Принцесса подскочила и, взявъ обѣ руки маркиза, сказала въ порывѣ радости:
— Ахъ! я вѣдь знала, что вы меня послушаете и что мой голосъ найдетъ отголосокъ въ вашемъ сердцѣ!
— Я пока ничего еще не обѣщалъ… Объяснитесь, пожалуйста…
— Графиня де Монлюсонъ поѣхала въ Вѣну единственно для того, чтобъ быть поближе къ графу де Монтестрюку…
— Что, развѣ она его тоже любитъ?
— А вы этого не знали?
— Значитъ, весь свѣтъ его любитъ, разбойника?
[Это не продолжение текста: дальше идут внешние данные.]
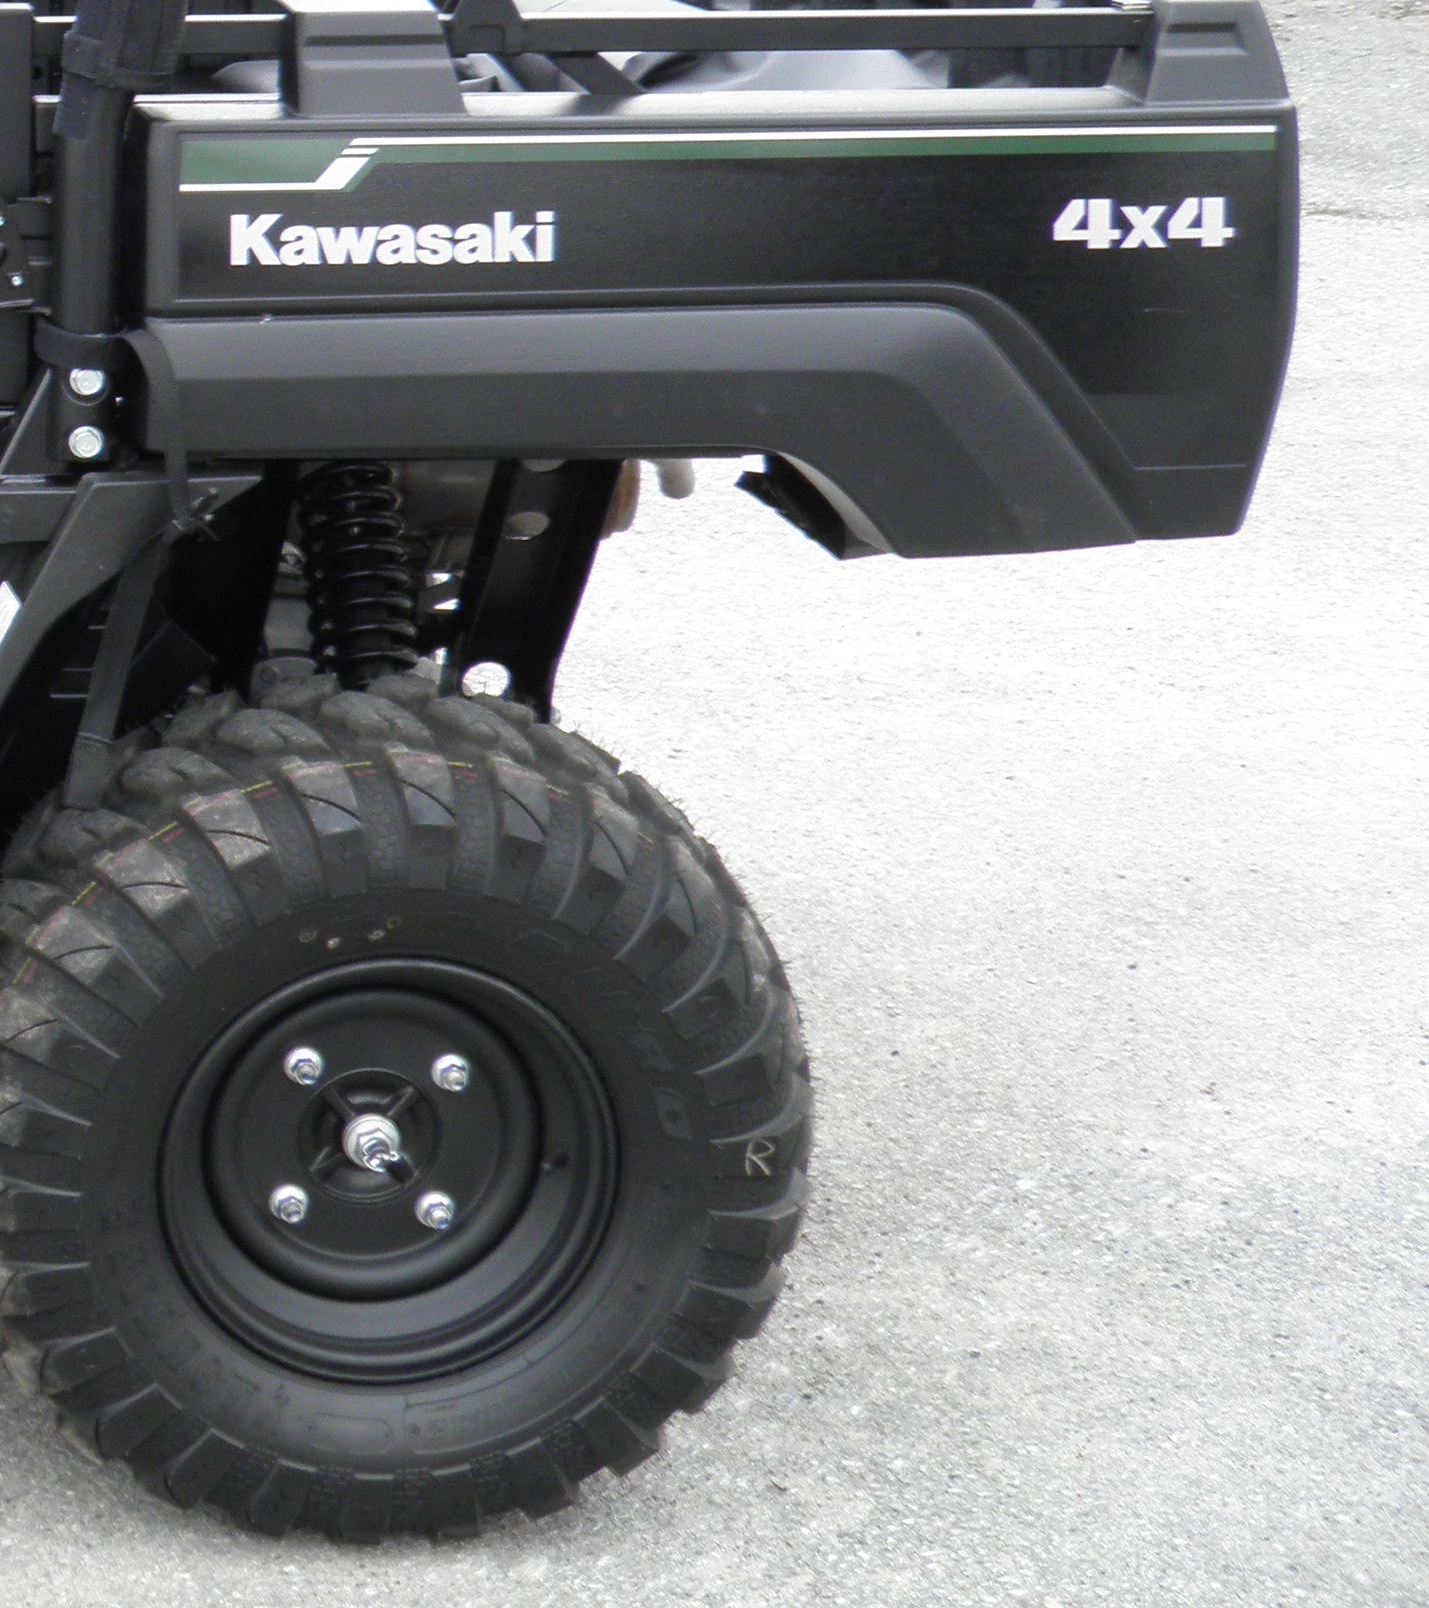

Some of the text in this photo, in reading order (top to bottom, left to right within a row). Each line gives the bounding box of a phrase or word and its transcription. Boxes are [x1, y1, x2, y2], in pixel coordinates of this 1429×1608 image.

[230, 210, 556, 266] Kawasaki
[1053, 197, 1236, 249] 4x4
[745, 1138, 776, 1177] R
— Человѣкъ, который желаетъ его только за богатство и за титулъ, рѣшился воспользоваться случаемъ, чтобъ похитить ее…
— Вотъ это очень мило!
— А что совсѣмъ ужь не такъ мило, такъ это — пользоваться беззащитностью одинокой женщины, съ слабостью, довѣрчивостью, чтобъ принудить ее, хоть бы силой, не имѣть другаго прибѣжища, какъ къ состраданію похитителя.
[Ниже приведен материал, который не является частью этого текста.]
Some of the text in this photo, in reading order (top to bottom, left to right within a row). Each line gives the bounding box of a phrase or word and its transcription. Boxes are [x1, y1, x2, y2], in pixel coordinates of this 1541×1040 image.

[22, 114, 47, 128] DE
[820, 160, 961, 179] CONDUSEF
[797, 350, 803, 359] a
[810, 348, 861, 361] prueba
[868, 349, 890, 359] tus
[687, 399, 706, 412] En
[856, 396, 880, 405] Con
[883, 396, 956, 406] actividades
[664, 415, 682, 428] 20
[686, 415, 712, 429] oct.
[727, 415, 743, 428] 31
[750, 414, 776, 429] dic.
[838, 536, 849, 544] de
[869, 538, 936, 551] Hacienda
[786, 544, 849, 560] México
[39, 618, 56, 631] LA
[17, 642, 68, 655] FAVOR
— Тьфу, какая мерзость! ну, моя страсть къ приключеніямъ не доходитъ до такихъ подвиговъ.
— Я никогда въ этомъ не сомнѣвалась…
— А какъ зовутъ этого ловкаго человѣка?
— Графъ де Шиври. Онъ ускакалъ впередъ; онъ ужь теперь, можетъ быть, въ Зальцбургѣ и, повѣрьте, ни передъ чѣмъ не остановится, лишь бы добиться своей цѣли. Именно для того я и собралась вдругъ ѣхать къ ней, чтобъ предупредить, предостеречь ее отъ этого страшнаго Цезаря… чтобъ помочь ей и вырвать у него изъ когтей,
— Вы? этими вотъ маленькими ручками? Хоть вы и принцесса, а все-таки женщина, да еще и одна, что жь вы можете сдѣлать?